= Weighted-Incidence Syndromic Combination Antibiogram =

Syndromic antimicrobial susceptibility tool

The weighted-incidence syndromic combination antibiogram (WISCA) is a method for estimating the probability that an empirical antimicrobial regimen will provide adequate coverage for a given infection syndrome, before the causative pathogen has been identified. Unlike a traditional cumulative antibiogram, which reports the susceptibility of individual organisms to individual antibiotics, a WISCA provides a single coverage estimate per regimen for an entire syndrome by weighting each pathogen's susceptibility according to how frequently it causes the syndrome in a defined population. WISCA can also evaluate combination regimens and provides a credibility interval that quantifies the statistical uncertainty of the estimate.

== Background ==

Clinicians initiating empirical antimicrobial therapy must select a regimen before culture results are available.

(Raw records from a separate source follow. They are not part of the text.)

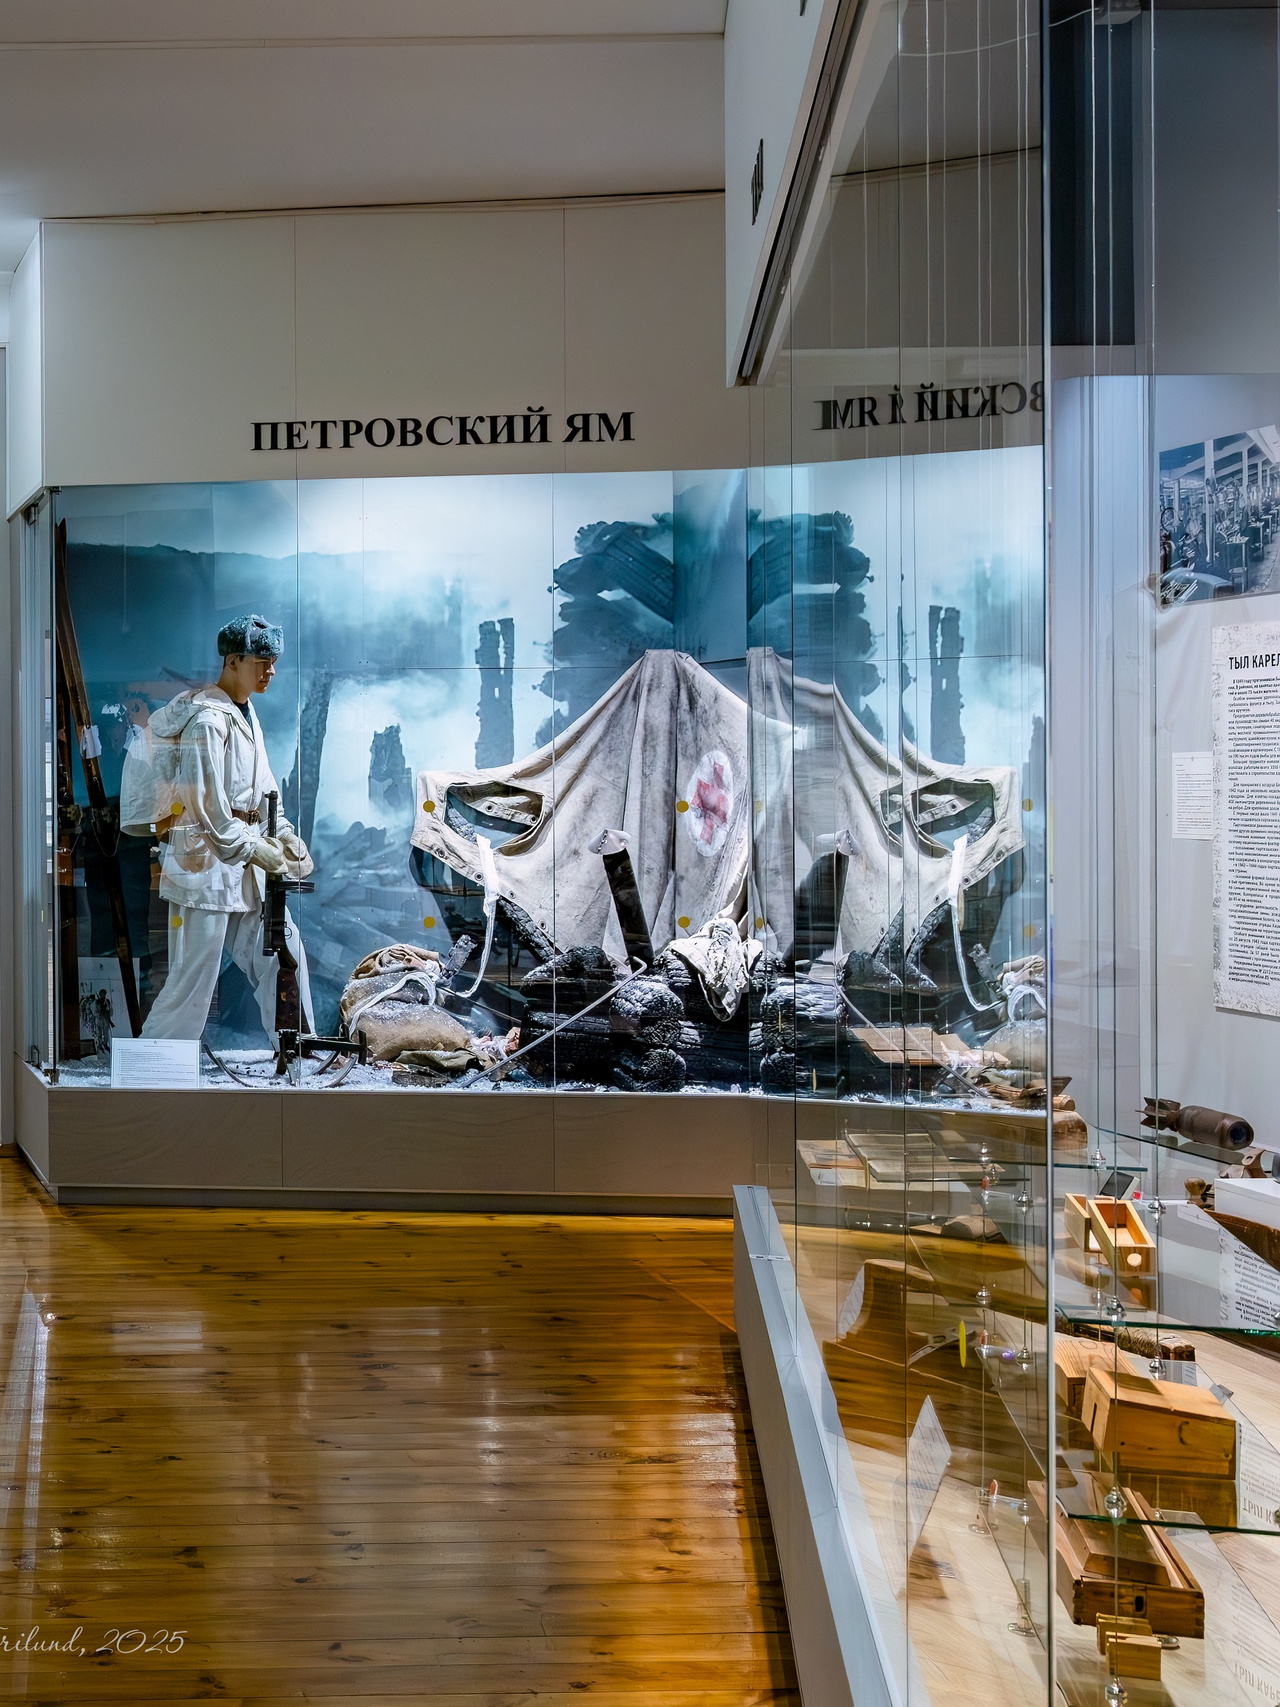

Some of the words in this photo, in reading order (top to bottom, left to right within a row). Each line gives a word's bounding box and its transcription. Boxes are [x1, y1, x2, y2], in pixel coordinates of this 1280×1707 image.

[251, 406, 552, 450] ПЕТРОВСКИЙ
[562, 412, 635, 443] ЯМ
[1229, 656, 1249, 670] ТЫЛ
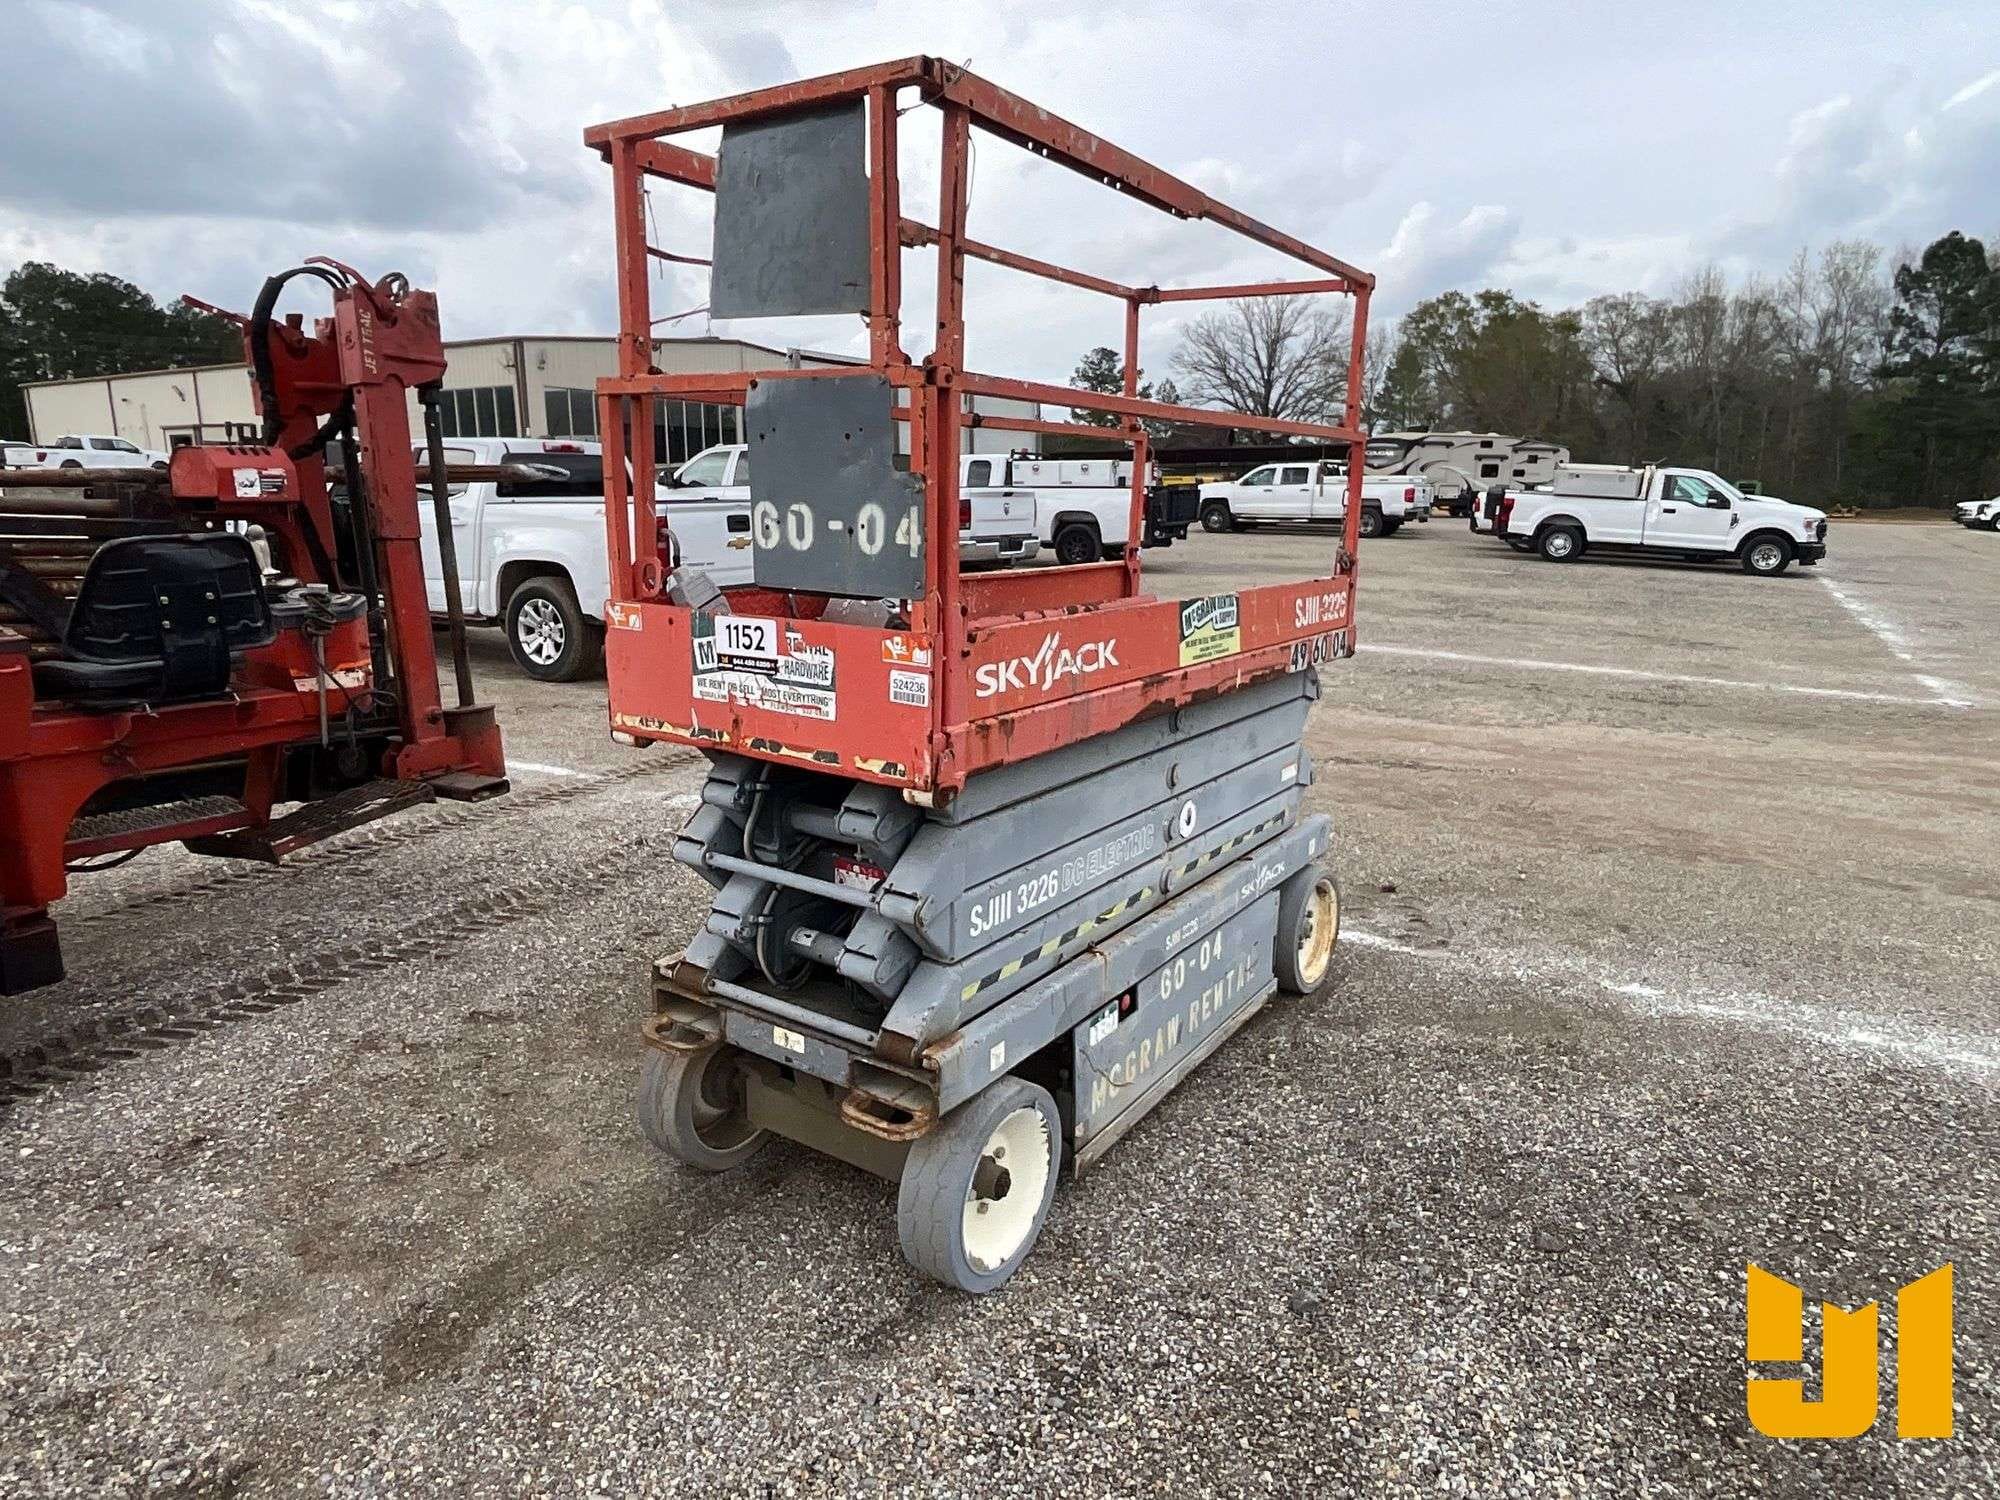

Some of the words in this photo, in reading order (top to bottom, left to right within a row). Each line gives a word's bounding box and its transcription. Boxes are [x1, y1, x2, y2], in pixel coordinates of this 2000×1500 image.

[363, 349, 377, 375] JET
[726, 624, 765, 651] 1152
[784, 660, 829, 681] HARDWARE
[975, 631, 1119, 697] SKYJACK
[697, 678, 708, 688] WE
[709, 679, 726, 692] RENT
[738, 683, 755, 695] SELL
[893, 679, 925, 693] 524236
[1017, 869, 1058, 914] 3226
[1061, 857, 1084, 892] DC
[1087, 823, 1155, 880] ELECTRIC
[1241, 861, 1285, 898] SKYJACK
[1189, 955, 1255, 1033] RENTAL

The traditional cumulative antibiogram, as standardised by the Clinical and Laboratory Standards Institute (CLSI) in its M39 guideline, presents susceptibility percentages for individual organism–antibiotic pairs. This format has two principal limitations in the empirical setting: it does not inform the clinician about the relative frequency of different causative organisms for a given syndrome, and it cannot evaluate multi-drug regimens in a single metric. Additional challenges arise when sample sizes are small, as simple proportions such as 5 out of 10 susceptible (50%) carry far greater uncertainty than 500 out of 1000 (also 50%), yet both are displayed identically on a traditional antibiogram.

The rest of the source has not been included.